* YOUR GOAL *
An exact copy of every entry is required, minus the pictures.

⟨

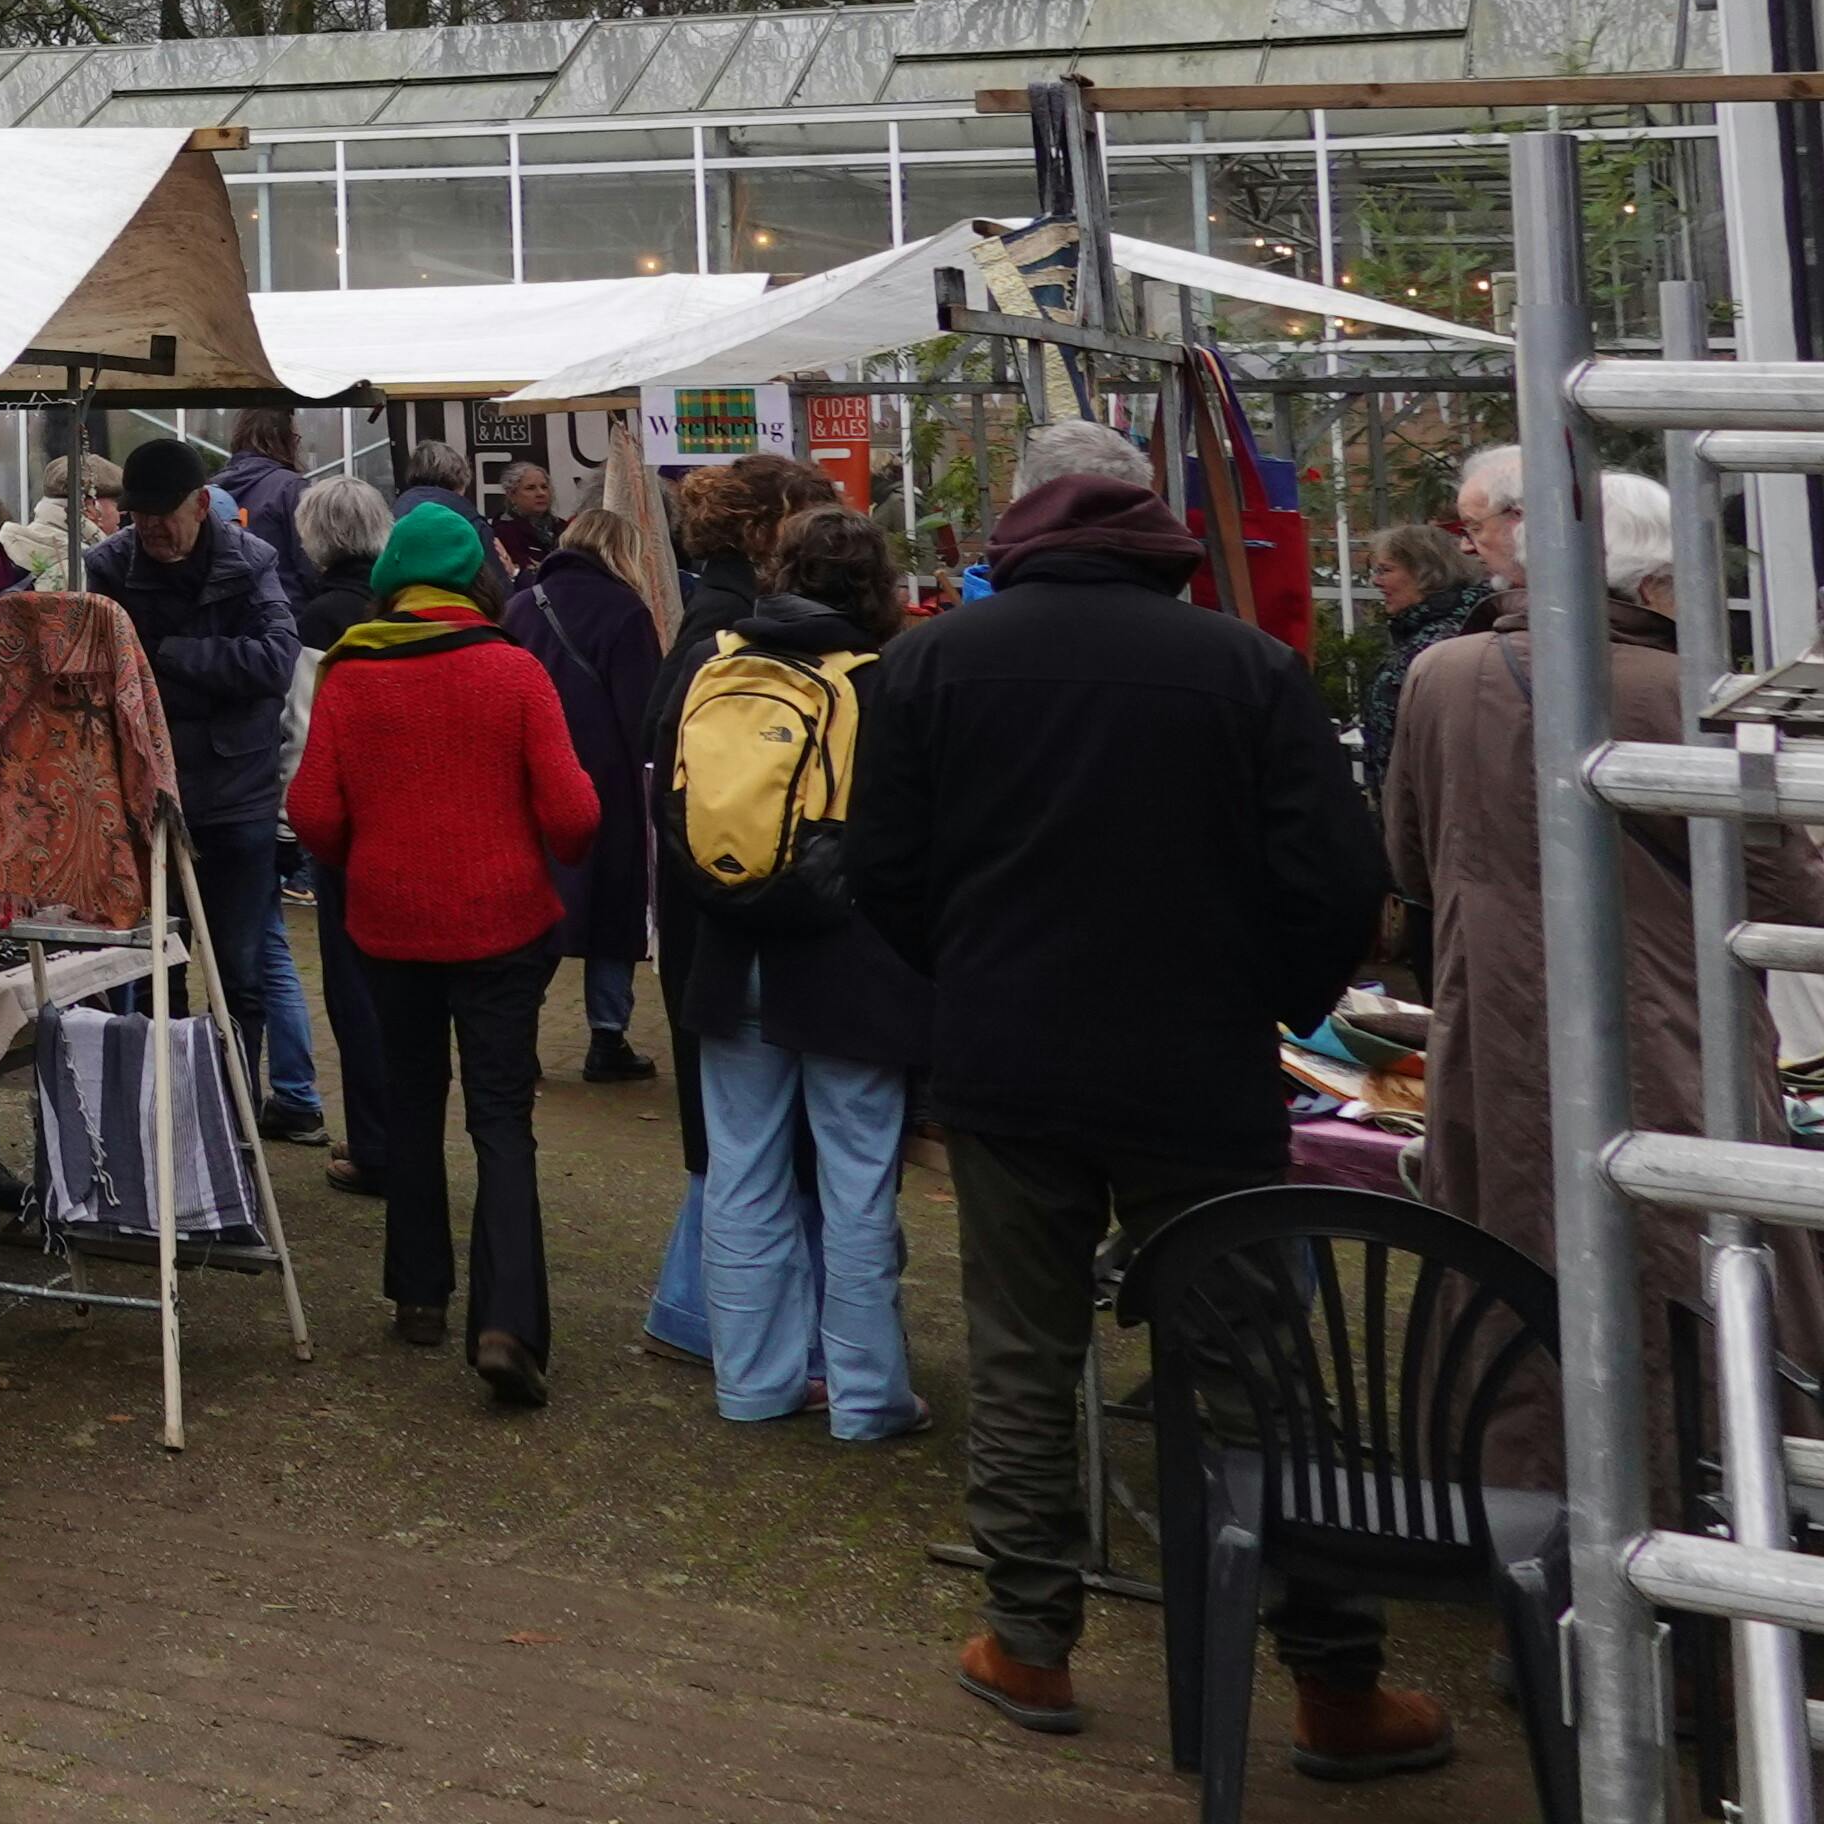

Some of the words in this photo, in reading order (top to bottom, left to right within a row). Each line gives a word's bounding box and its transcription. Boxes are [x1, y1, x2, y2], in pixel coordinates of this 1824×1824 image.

[814, 398, 866, 418] CIDER
[479, 425, 490, 441] &
[493, 425, 526, 441] ALES
[815, 420, 827, 436] &
[832, 419, 866, 436] ALES
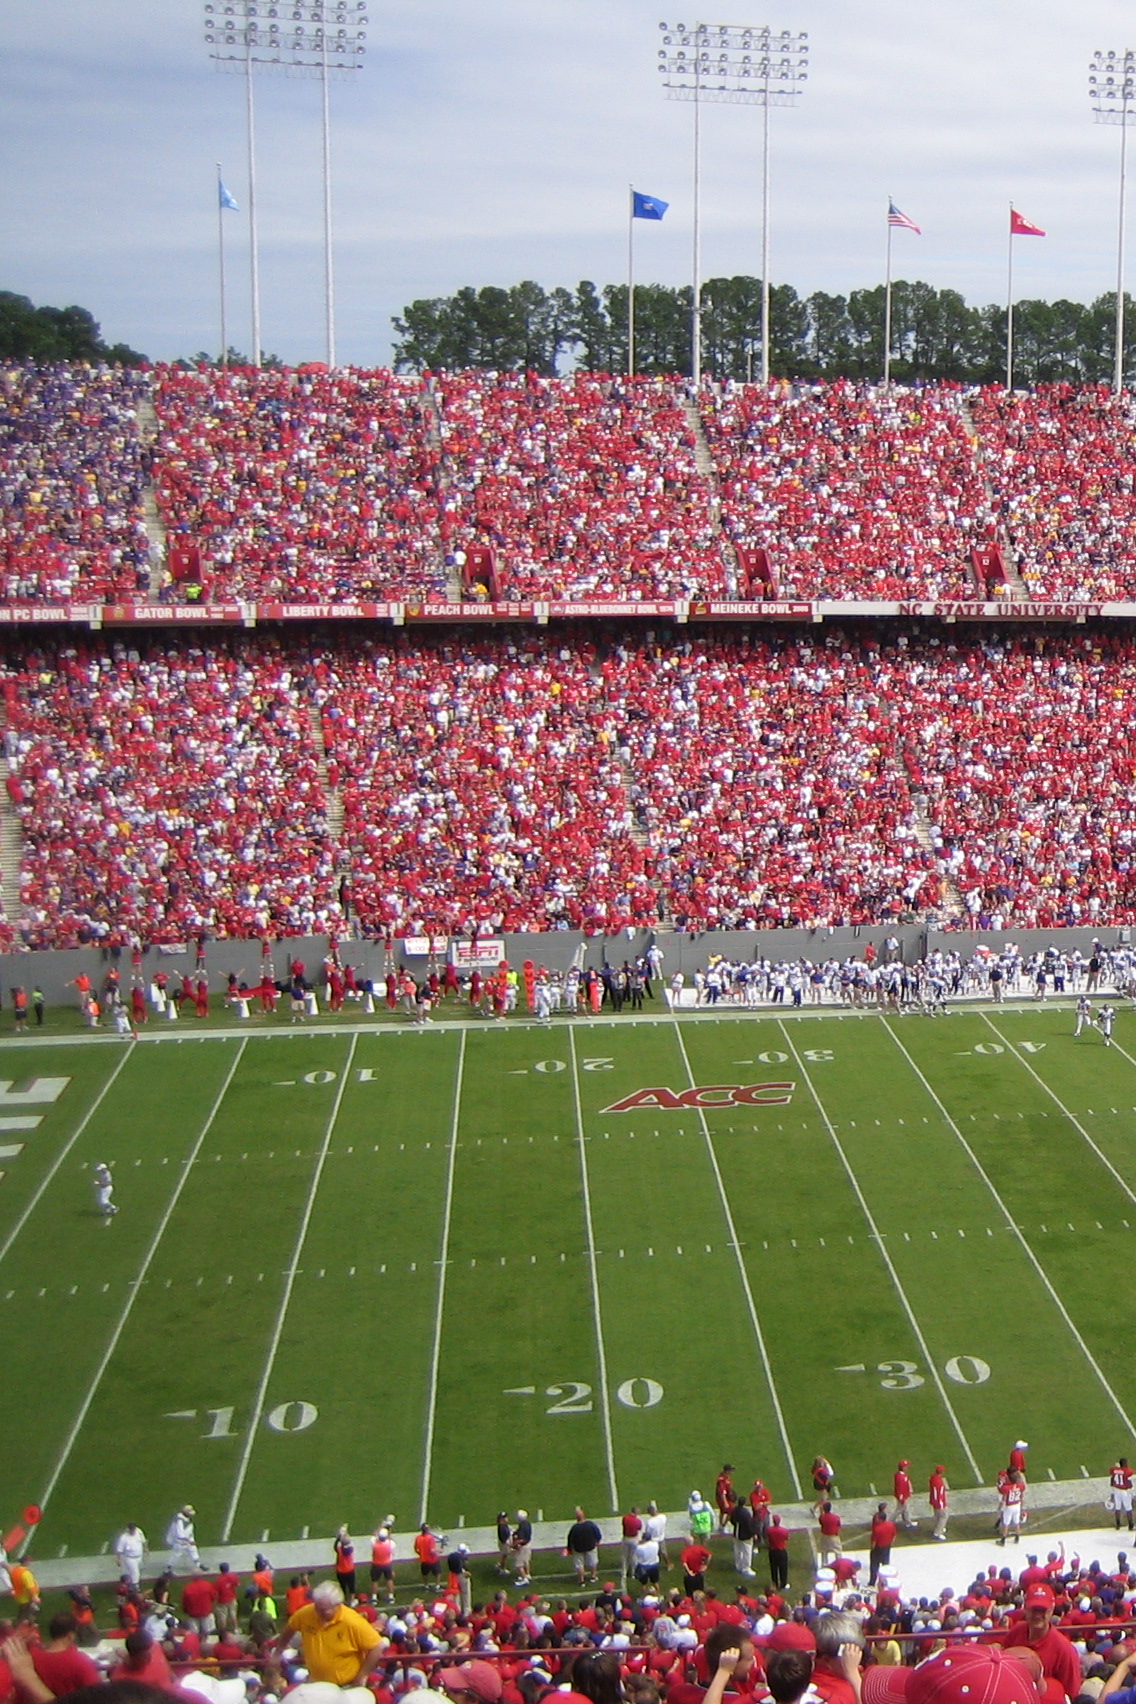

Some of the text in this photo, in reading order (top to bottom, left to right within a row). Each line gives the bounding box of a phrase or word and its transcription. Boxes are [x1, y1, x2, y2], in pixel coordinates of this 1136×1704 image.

⟩

* FINISHED TASK *
Some of the words in this photo, in reading order (top to bottom, left to right within a row). Each line gives a word's bounding box and its transcription. Boxes are [x1, y1, x2, y2], in pixel coordinates of this 1824×1824 image.

[814, 398, 866, 418] CIDER
[479, 425, 490, 441] &
[493, 425, 526, 441] ALES
[815, 420, 827, 436] &
[832, 419, 866, 436] ALES

Some of the text in this photo, in reading order (top to bottom, left to right within a row). Each line gives the bounding box of a phrase or word and its transcription. Boxes are [x1, y1, x2, y2], in pixel coordinates of this 1136×1704 image.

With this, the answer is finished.